[Problem] Where the records appear below, transcribe them exactly, leaving none out.

(Stored items)
..........

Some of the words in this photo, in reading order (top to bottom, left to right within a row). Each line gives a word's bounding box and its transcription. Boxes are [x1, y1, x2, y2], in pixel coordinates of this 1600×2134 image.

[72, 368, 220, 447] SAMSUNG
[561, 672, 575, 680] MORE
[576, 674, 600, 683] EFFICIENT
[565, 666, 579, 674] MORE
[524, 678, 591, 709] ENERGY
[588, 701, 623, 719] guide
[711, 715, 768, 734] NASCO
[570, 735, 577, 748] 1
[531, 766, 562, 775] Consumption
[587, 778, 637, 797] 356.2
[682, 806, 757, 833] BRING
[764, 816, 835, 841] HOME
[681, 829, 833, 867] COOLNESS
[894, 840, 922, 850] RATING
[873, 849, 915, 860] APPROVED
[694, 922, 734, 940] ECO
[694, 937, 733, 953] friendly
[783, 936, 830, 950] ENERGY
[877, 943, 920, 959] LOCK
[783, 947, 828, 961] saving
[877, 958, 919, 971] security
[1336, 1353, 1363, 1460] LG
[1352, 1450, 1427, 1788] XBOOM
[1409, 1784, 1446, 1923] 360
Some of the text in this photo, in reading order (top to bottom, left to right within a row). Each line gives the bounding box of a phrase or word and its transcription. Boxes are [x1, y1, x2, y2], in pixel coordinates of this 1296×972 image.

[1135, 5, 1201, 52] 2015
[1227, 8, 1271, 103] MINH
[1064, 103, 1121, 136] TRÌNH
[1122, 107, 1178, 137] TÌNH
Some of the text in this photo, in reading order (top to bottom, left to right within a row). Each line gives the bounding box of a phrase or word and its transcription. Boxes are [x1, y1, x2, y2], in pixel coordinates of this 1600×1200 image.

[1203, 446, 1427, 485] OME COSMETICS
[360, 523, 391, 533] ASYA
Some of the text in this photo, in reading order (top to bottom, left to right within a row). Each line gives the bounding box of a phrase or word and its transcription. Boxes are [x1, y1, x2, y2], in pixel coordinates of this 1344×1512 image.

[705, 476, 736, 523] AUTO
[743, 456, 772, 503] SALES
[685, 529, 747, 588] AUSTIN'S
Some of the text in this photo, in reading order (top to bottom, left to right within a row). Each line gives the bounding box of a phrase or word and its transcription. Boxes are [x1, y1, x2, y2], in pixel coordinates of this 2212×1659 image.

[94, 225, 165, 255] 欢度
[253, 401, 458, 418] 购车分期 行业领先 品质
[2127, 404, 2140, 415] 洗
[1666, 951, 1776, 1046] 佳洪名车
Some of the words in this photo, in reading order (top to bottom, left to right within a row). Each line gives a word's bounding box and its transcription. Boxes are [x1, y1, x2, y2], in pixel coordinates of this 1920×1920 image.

..........

[Output for this exercise]
Some of the words in this photo, in reading order (top to bottom, left to right within a row). Each line gives a word's bounding box and its transcription. Boxes are [x1, y1, x2, y2], in pixel coordinates of this 1600×2134 image.

[72, 368, 220, 447] SAMSUNG
[561, 672, 575, 680] MORE
[576, 674, 600, 683] EFFICIENT
[565, 666, 579, 674] MORE
[524, 678, 591, 709] ENERGY
[588, 701, 623, 719] guide
[711, 715, 768, 734] NASCO
[570, 735, 577, 748] 1
[531, 766, 562, 775] Consumption
[587, 778, 637, 797] 356.2
[682, 806, 757, 833] BRING
[764, 816, 835, 841] HOME
[681, 829, 833, 867] COOLNESS
[894, 840, 922, 850] RATING
[873, 849, 915, 860] APPROVED
[694, 922, 734, 940] ECO
[694, 937, 733, 953] friendly
[783, 936, 830, 950] ENERGY
[877, 943, 920, 959] LOCK
[783, 947, 828, 961] saving
[877, 958, 919, 971] security
[1336, 1353, 1363, 1460] LG
[1352, 1450, 1427, 1788] XBOOM
[1409, 1784, 1446, 1923] 360
Some of the text in this photo, in reading order (top to bottom, left to right within a row). Each line gives the bounding box of a phrase or word and its transcription. Boxes are [x1, y1, x2, y2], in pixel coordinates of this 1296×972 image.

[1135, 5, 1201, 52] 2015
[1227, 8, 1271, 103] MINH
[1064, 103, 1121, 136] TRÌNH
[1122, 107, 1178, 137] TÌNH
Some of the text in this photo, in reading order (top to bottom, left to right within a row). Each line gives the bounding box of a phrase or word and its transcription. Boxes are [x1, y1, x2, y2], in pixel coordinates of this 1600×1200 image.

[1203, 446, 1427, 485] OME COSMETICS
[360, 523, 391, 533] ASYA
Some of the text in this photo, in reading order (top to bottom, left to right within a row). Each line gives the bounding box of a phrase or word and its transcription. Boxes are [x1, y1, x2, y2], in pixel coordinates of this 1344×1512 image.

[705, 476, 736, 523] AUTO
[743, 456, 772, 503] SALES
[685, 529, 747, 588] AUSTIN'S
Some of the text in this photo, in reading order (top to bottom, left to right within a row). Each line gives the bounding box of a phrase or word and its transcription. Boxes are [x1, y1, x2, y2], in pixel coordinates of this 2212×1659 image.

[94, 225, 165, 255] 欢度
[253, 401, 458, 418] 购车分期 行业领先 品质
[2127, 404, 2140, 415] 洗
[1666, 951, 1776, 1046] 佳洪名车
Some of the words in this photo, in reading order (top to bottom, left to right within a row). Each line gives a word's bounding box and its transcription. Boxes are [x1, y1, x2, y2], in pixel coordinates of this 1920×1920 image.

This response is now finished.